The report argues that general targets for renewable energy have helped in the development of several low-carbon technologies, including wind power and solar photovoltaic systems, but have failed with regard to other technologies. What is now needed, post 2020, is support for those technology innovations that can lead, in the long-term, to GHG and cost reductions, even though they may not be the most cost-effective options in 2020. Examples of the innovations for the long-term that are offered are offshore wind, innovative biomass conversion (not direct combustion), and carbon capture and storage (CCS). CCS receives particular attention as it is seen as the only currently available technology that can help the industrial sector meet its obligations for GHG emission reductions. The difficulty is that with a low CO2 price, and little expectation that the price will rise, there is no investment interest in a long-term technology like CCS.
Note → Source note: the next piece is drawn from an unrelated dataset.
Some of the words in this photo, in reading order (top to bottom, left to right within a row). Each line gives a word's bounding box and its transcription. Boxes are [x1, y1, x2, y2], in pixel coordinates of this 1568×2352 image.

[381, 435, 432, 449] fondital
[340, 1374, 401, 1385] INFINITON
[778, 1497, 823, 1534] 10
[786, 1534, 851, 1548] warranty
Legislation could require a certain share of final energy demand be met with innovative low-carbon technology, as opposed to renewable energy in general. For example, specific targets could include a number for zero-emission vehicles, heat pumps, or low-carbon industrial processes. Or tougher emission performance standards for new power plants could be set, an option on the US White House agenda.
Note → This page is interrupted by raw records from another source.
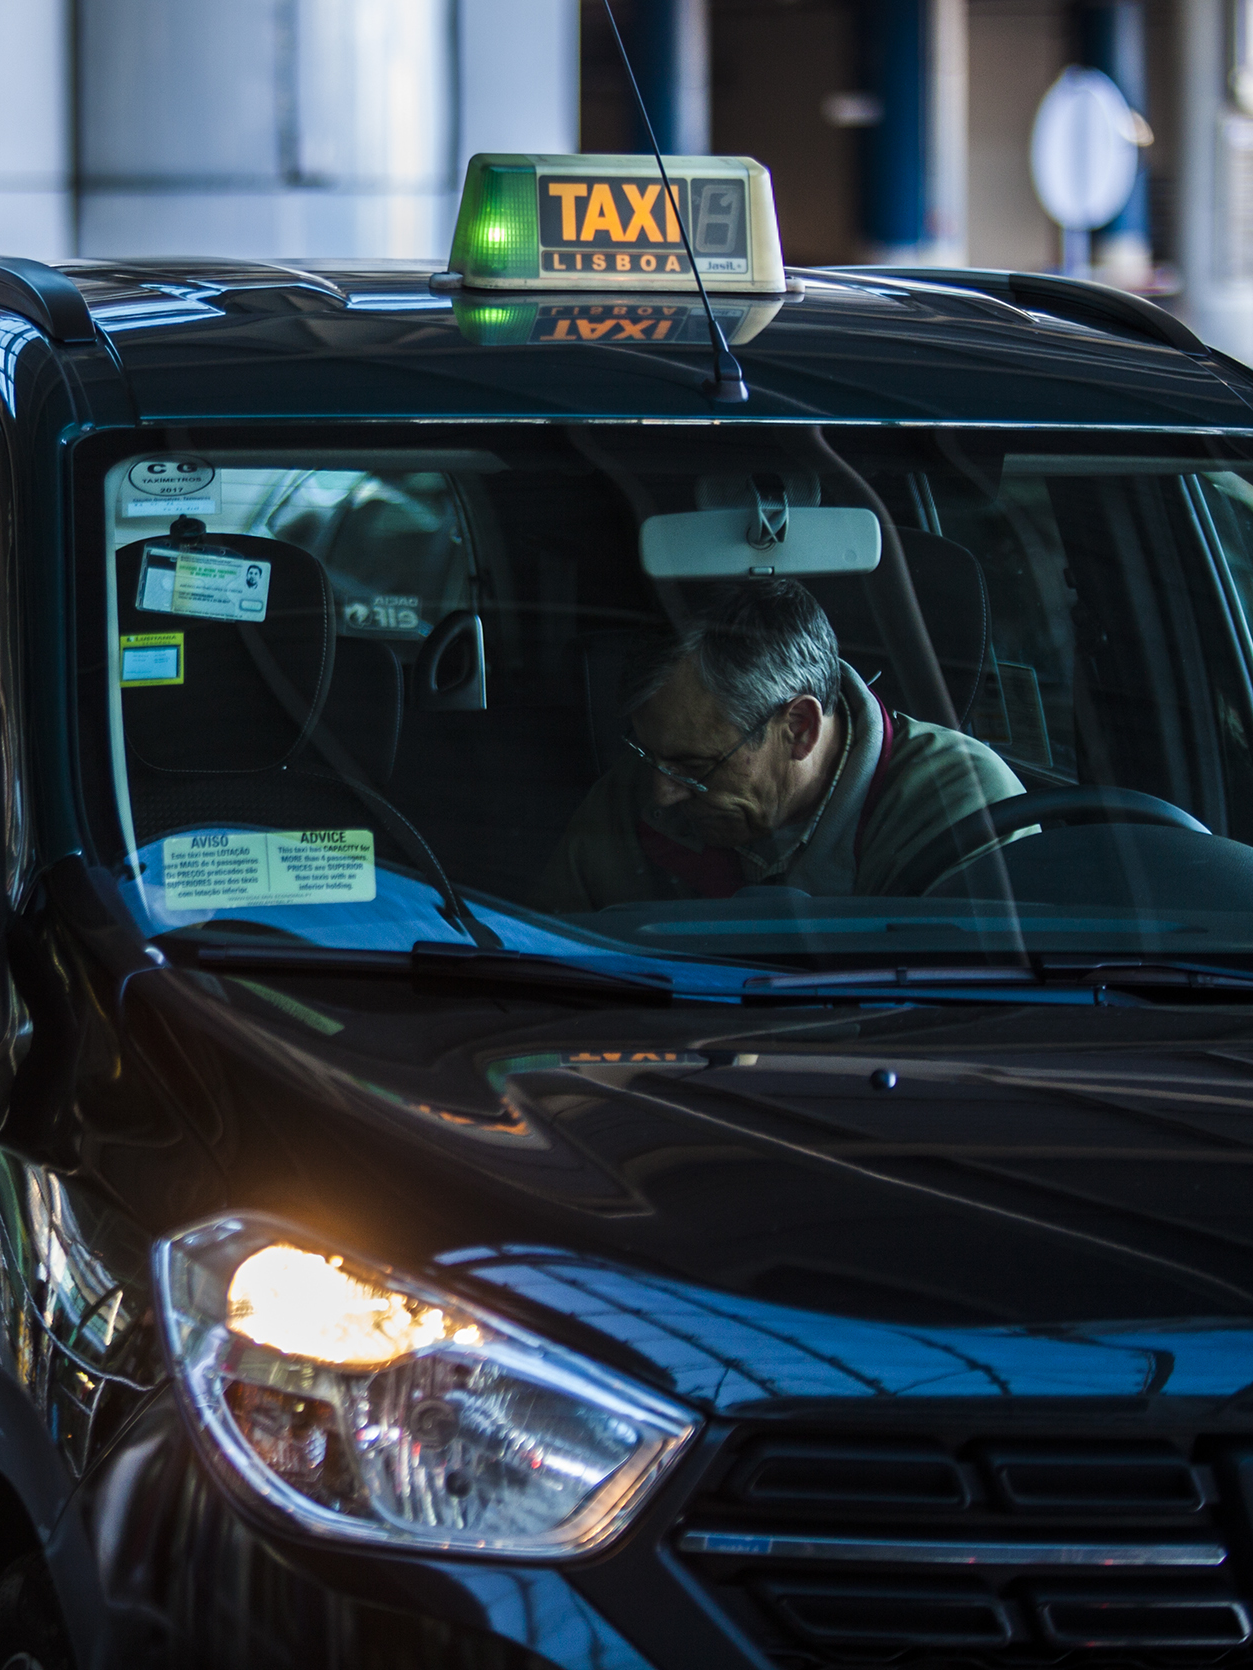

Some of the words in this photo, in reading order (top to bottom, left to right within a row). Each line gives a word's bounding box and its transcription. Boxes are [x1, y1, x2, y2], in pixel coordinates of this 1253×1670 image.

[548, 182, 684, 243] TAXI
[553, 253, 682, 273] LISBOA
[147, 463, 167, 475] C
[190, 836, 229, 849] AVISO
[300, 831, 347, 844] ADVICE
[323, 844, 359, 853] CAPACITY
[179, 860, 200, 869] MAIS
[287, 864, 313, 872] PRICES
[327, 863, 364, 871] SUPERIOR
The complementary, multi-target approach advanced in the Dutch report relies on: carbon pricing, through a reformed ETS and GHG reduction targets for non-ETS sectors, particularly agriculture and transport; an energy-efficiency target and expanded regulations for energy-efficiency standards; expanded support for innovative low-carbon technology (e.g., carbon capture and storage) and renewable energy targets that support long-term, sustainable technologies (e.g., off-shore wind).

The individual components of the policy outlined in the Dutch report are widely known but the report offers a useful, and carefully thought-out, review of what we have learned from research and practices in the climate and energy field over the past several decades. As a result of that review, the report also makes it clear that the targets needed must be legally binding and unconditional

The authors acknowledge that there is a delicate balance between setting targets that are technology-neutral, allowing the creativity of the market to develop new technologies, and targets that also provide sufficient support for technologies that are sustainable in the long-term, as opposed to quick, cheap fixes that will not last.



Koelemeijer, R. et al. (2013), EU policy options for climate and energy beyond 2020, The Hague: PBL Netherlands Environmental Assessment Agency (May 2013).